Accident Database

Report ID# 13

  • Flush Drowning
  • Does not Apply
  • Cold Water
  • High Water

Accident Description

On July 11, 1982 a strong group of eastern paddlers attempted the "Golden Canyon" of Idaho's South Fork of the Clearwater. This is a very steep roadside run that drops over 200 feet per mile. During the shuttle they took note of several landmarks where the river became steeper. They put in several miles above the first steep section so they would have some time to warm up.

The group pulled out above the first drop, with all but two paddlers coming ashore. The others moved downstream to a lower eddy to shorten the walk to scout or carry. We were scouting the lower poirtion of a steep double drop when someone called out that Chuck was out of his boat. He'd gotten back in his boat, passed the group in the lower eddy, and flipped in the top drop.

Charlie Walbridge had brough his throw line down with him. Chuck was only 20 feet away and he hit him easily.. Chuck grabbed the bag, allowing the rope to pay out to its full 70 foot length. This put him in the lead-in of the next drop and swung him into the backwash of a small hole. The penduluming action of the rope stopped, and he was held there for some time. He held on as long as he could, then let go, floating helplessly. He washed into a tree at the bottom of a small eddy on the opposite side of the river.
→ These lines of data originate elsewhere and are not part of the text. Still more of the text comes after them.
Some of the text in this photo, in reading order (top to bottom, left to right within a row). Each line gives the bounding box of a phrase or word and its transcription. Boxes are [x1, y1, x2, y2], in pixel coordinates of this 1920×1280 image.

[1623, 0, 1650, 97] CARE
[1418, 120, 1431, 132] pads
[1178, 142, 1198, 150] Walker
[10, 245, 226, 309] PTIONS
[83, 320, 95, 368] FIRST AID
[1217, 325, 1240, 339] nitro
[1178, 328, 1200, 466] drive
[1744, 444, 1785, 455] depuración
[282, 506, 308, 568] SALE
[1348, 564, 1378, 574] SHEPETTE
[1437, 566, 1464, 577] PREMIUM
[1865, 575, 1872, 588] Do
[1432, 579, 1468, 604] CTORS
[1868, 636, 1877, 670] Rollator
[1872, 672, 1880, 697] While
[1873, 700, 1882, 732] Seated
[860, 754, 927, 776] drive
The group mobilized quickly to render assistance. Charlie Walbridge flagged down a pickup truck, which brought him back to the top of the drop. He threw his boat inside, then was driven to a point opposite where Chuck had stopped. The rapids here were tough Class IV, and it took several ferry attempts to get across. In the meantime another paddler hiked down the far shore, and the two met where Chuck was in the water. They pulled him out and began CPR, which was continued for over an hour.

The other members of the group, assisted by two rock climbers, got a line across the river. This became the basis of a tyrolian traverse. Chuck's body was attached to the line and pulled across the river. Police and ambulance had been called, and Chuck was carried to Grangeville Hospital where he was pronounced dead.

1) The group clearly underestimated the run. To their Eastern eyes it looked like a small creek carrying 300-500 cfs. In reality it was five times as large, with very significant holes. Had the realized what they were dealing with, they would have been more careful.

2) In retrospect, many in the group feels that they should have strongly discouraged Chuck from making the run. He had not done well on this Idaho trip; he had lost a boat and taken a number of long swims. In fact, after he lost his boat on the Middle Fork of the Salmon he bought a new one in boise and was outfitting it as we ran the shuttle. He decided to run at the last minute to put on rather than shuttle the vehicle downstream. But Chuck  was an experienced adult who did not mind swimming tough whitewater. Everyone felt that if he had problems they would simply put him up on the road where he could wait for a pickup afterwards.

3) Why did Chuck run the drop? We'll never know for sure, but he had a reputation for following people into rapids that he couldn't handle. He felt that "it was only water" and that he'd always wash through in or out of his boat . The group had split into two sub-groups to avoid crowding the drops. When the first group pulled ashore to scout Chuck also landed, but he put back in quickly as the two people he was paddling with moved downstream. He remarked, "Well, I guess we're going to run the rapids" and put back on. He did not see the others catch a small eddy on river left and continued downstream.

4) Throw bag techniques used in this accident could have been greatly improved. Back then, the preferred technique was to hit someone in the face with a throw bag "to get their attention". We now know that this encourages swimmers to grab the bag, not the rope. The line then pays out to its full length, complicating the rescue. The preferred technique is to throw a line over a swimmer, so they can grab the line as high up as possible. Chuck was only 20 feet from the thrower, and if he had caught the rope this way he would have been rescued quickly.

As it became evident that the rope would not pendulum Chuck into shore it took time to formulate an effective response. He was not snagged, and yet they could not bring him to safety. There was a mile of continuous hard rapids below, so letting go was not an option. They eventually decided to have a second person work their way hand-over-hand down the line along the shore. Now known as "vectoring the line", it increases the angle of the rope to the current until there is enough force to swing the person holding on to shore. Chuck let go before this could be put into play.

Lastly, when recieving the rope, Chuck should have held the line close to his shoulder and rolled over onto his back. This would have allowed him to breathe and would have permitted him to hold on longer, which in turn would have given the group on shore time to figure out how to help him.

We have learned a lot from this accident that is now reflected in teaching swiftwater rescue.

5) CPR application was extremely difficult. It was hard to find a place to put Chuck among the huge rocks lining the shore and we had to prop him up against a flat, steeply sloping, rock. Then we had to prompt each other to remember all the parts of this vital skill. It was probably not very good CPR, but the delay in reaching Chuck was almost certainly fatal by itself.